▶ [Exercise goal]
Skip every picture, and copy exactly the lines from the one containing "this 1333×1000 image." to the end of the data.

[[ Source information, beginning ]]

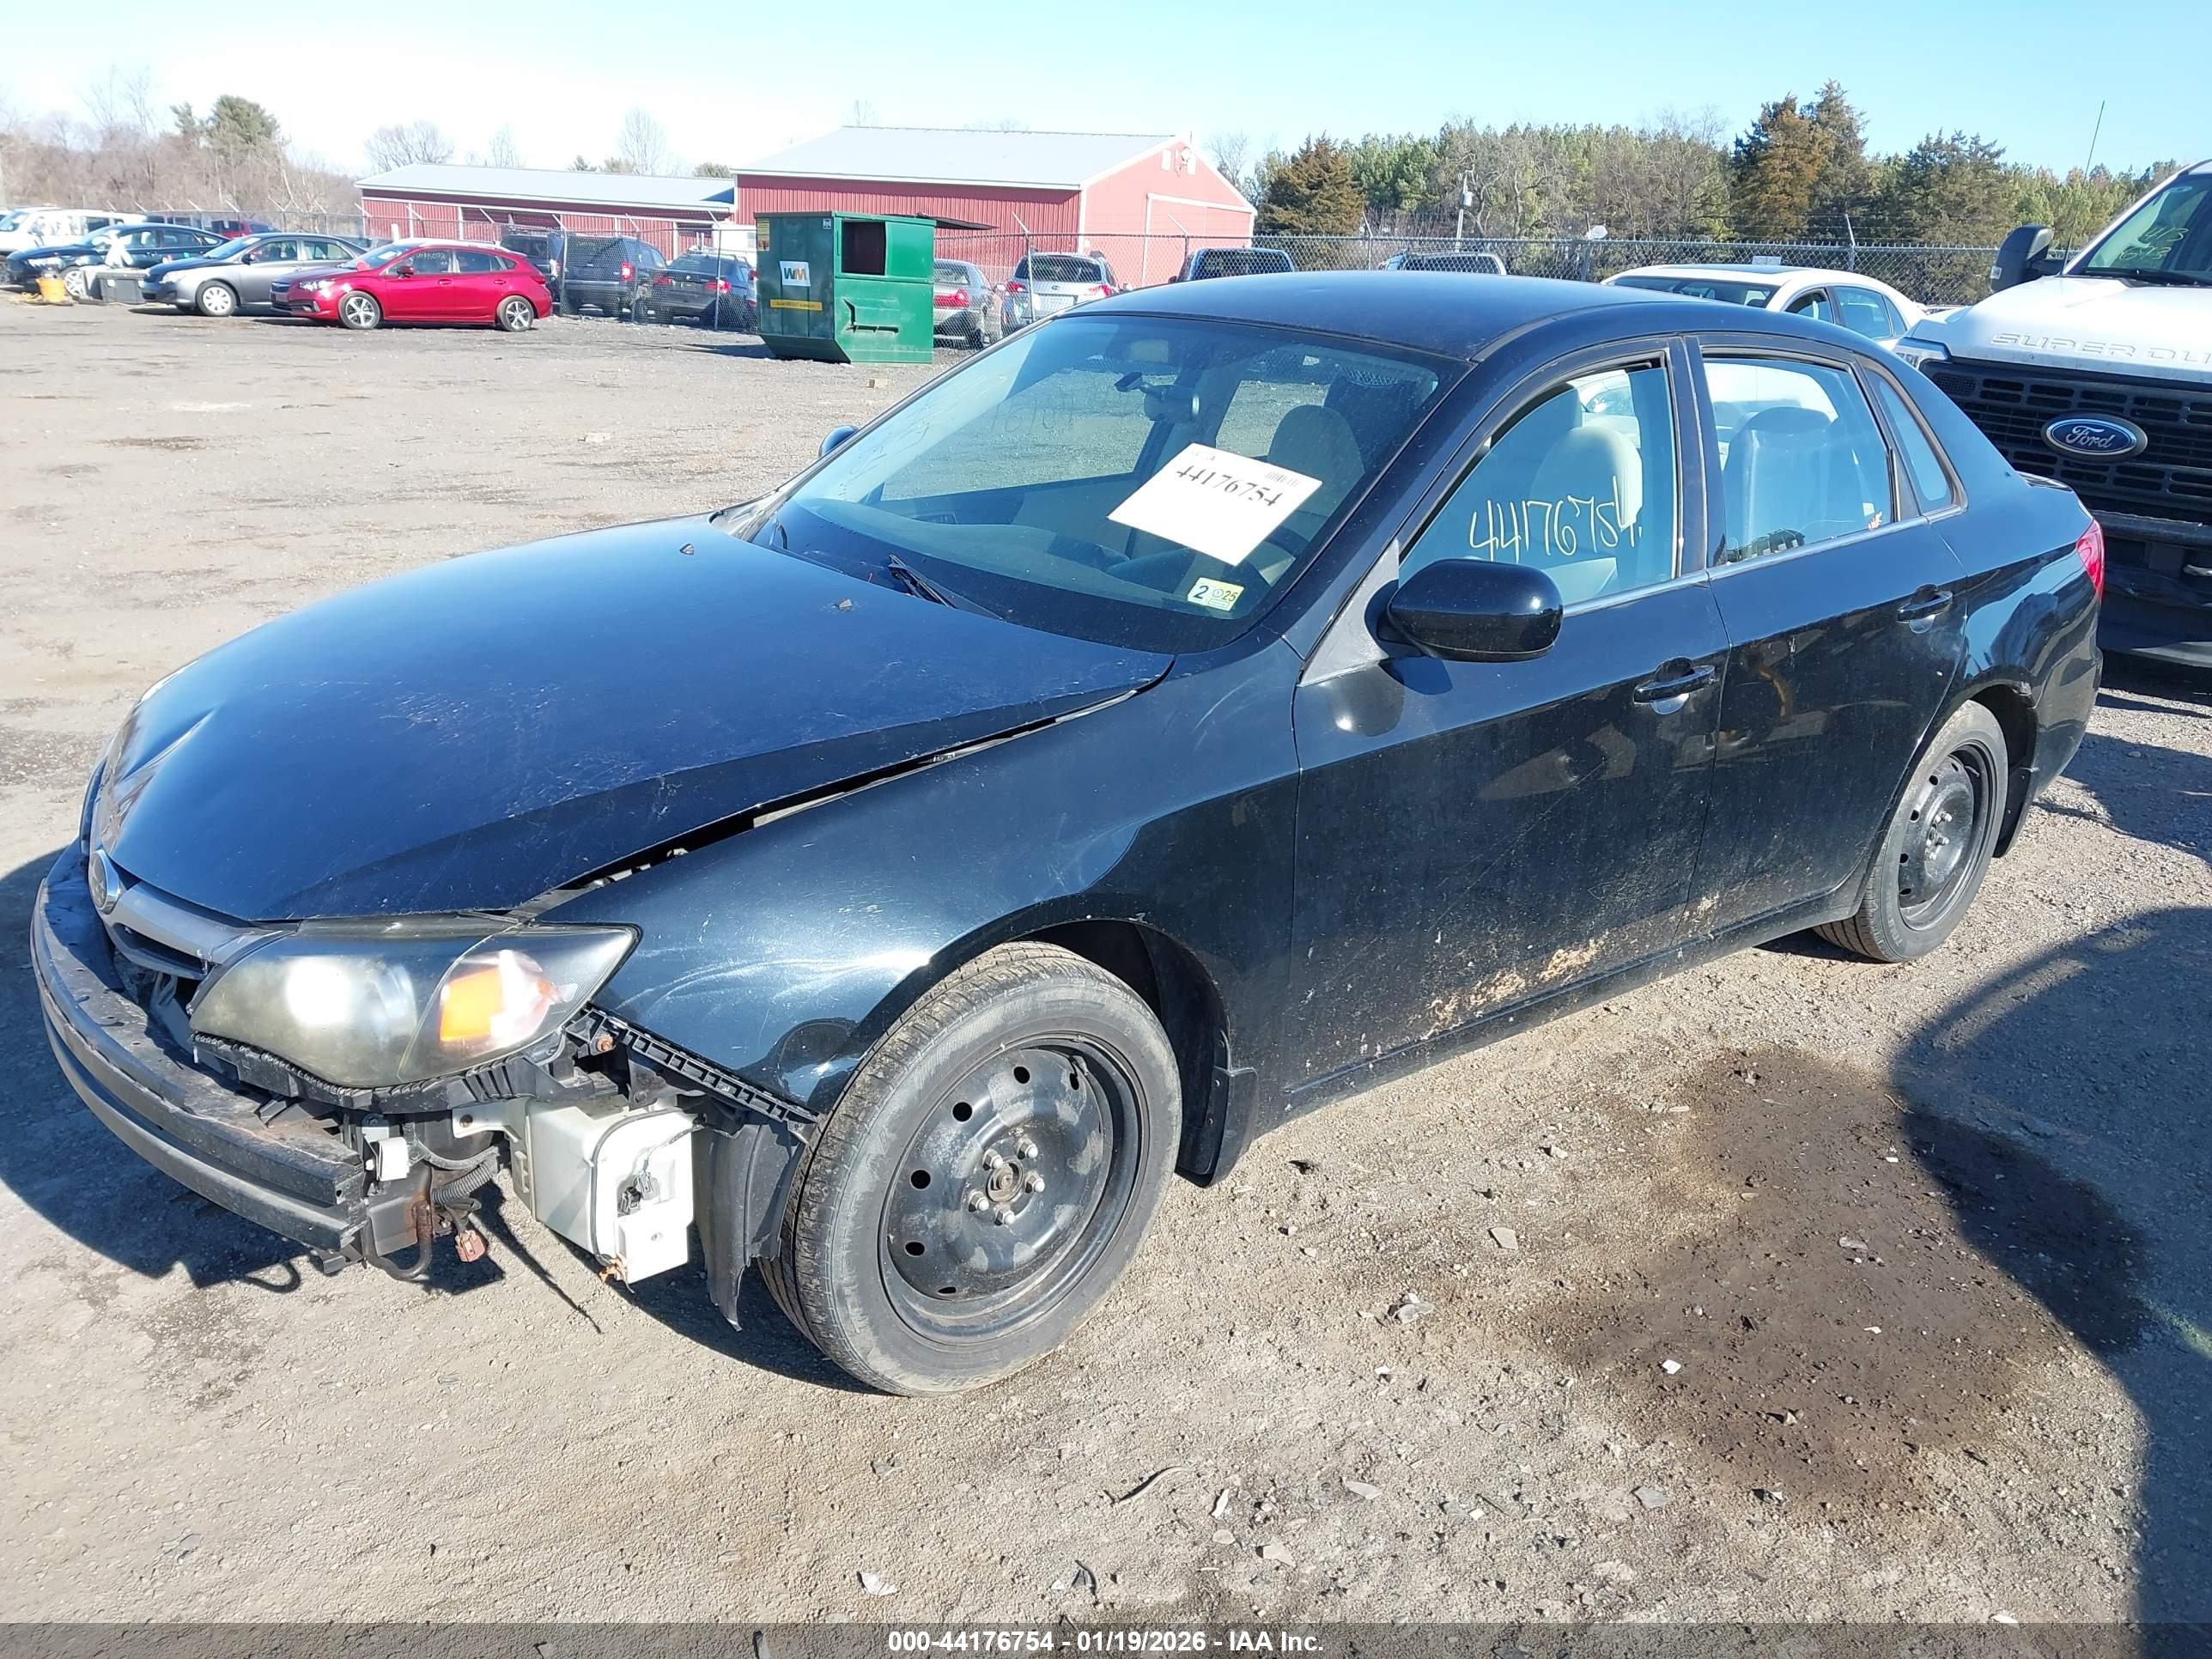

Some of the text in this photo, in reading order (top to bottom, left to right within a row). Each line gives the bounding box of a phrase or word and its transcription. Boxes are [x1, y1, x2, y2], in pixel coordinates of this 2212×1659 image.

[783, 267, 807, 280] WM
[1990, 331, 2136, 357] SUPER
[2065, 424, 2117, 448] Ford
[1176, 465, 1284, 507] 44176754
[1469, 475, 1640, 562] 44176754
[1193, 585, 1209, 600] 2
[1220, 590, 1239, 602] 25
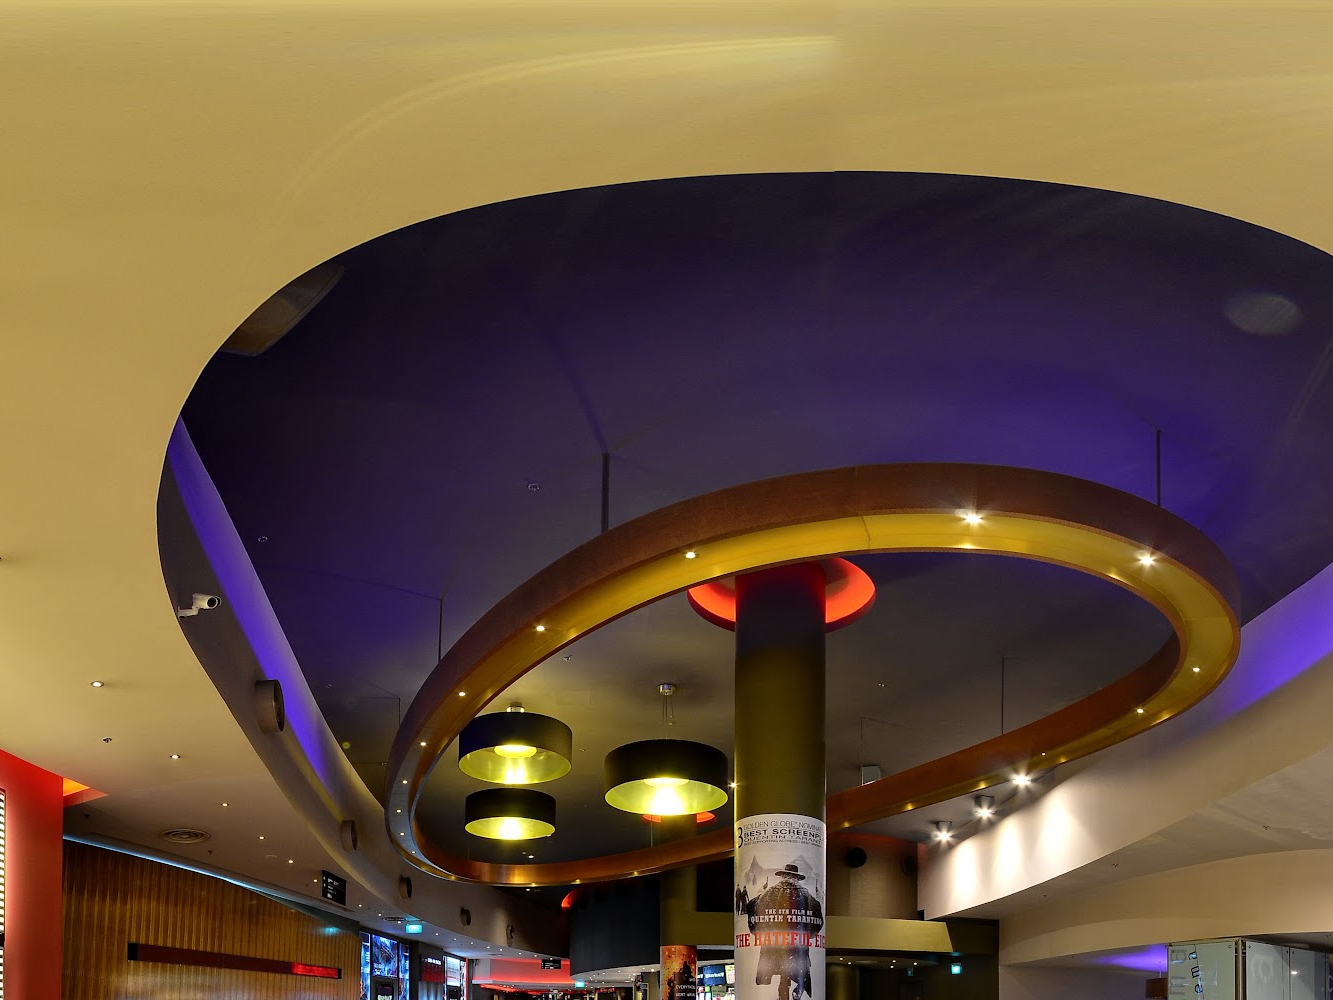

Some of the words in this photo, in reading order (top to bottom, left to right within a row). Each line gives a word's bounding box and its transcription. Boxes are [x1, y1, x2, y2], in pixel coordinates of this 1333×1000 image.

[751, 915, 783, 924] QUENTIN
[787, 916, 823, 925] TARANTINO
[736, 934, 751, 948] THE
[754, 932, 812, 947] HATEFUL
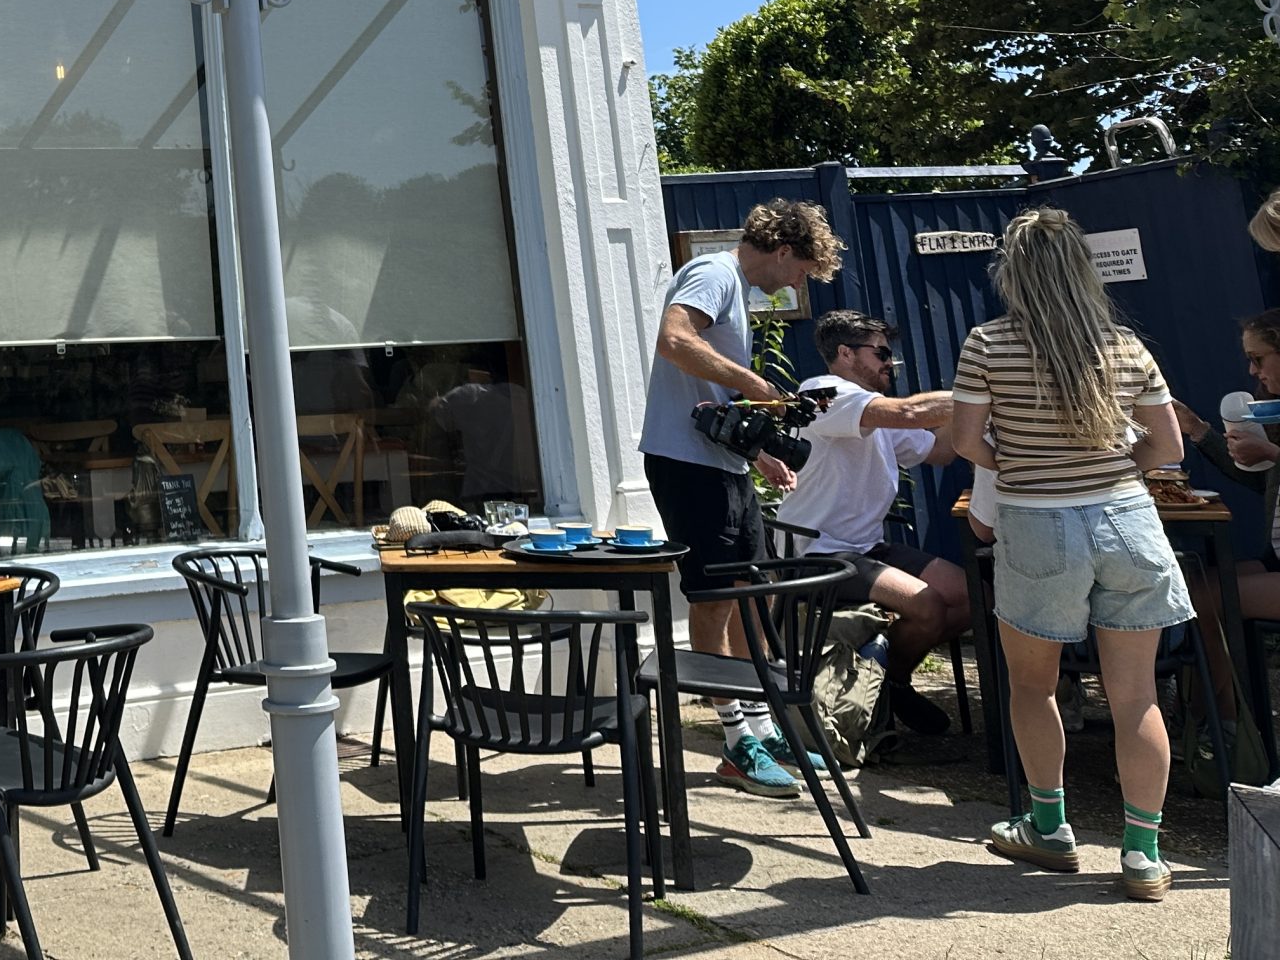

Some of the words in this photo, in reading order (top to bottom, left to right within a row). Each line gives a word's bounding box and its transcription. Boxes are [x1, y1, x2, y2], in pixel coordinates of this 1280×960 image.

[[ Source information, end ]]

▶ [Solution to this exercise]
Some of the words in this photo, in reading order (top to bottom, left to right within a row). Each line gives a word's bounding box and its transcription. Boxes are [x1, y1, x2, y2], in pixel coordinates of this 1333×1000 image.

[751, 915, 783, 924] QUENTIN
[787, 916, 823, 925] TARANTINO
[736, 934, 751, 948] THE
[754, 932, 812, 947] HATEFUL

Some of the words in this photo, in reading order (top to bottom, left to right within a row). Each line gives a word's bounding box and its transcription. Boxes are [x1, y1, x2, y2], in pixel coordinates of this 1280×960 image.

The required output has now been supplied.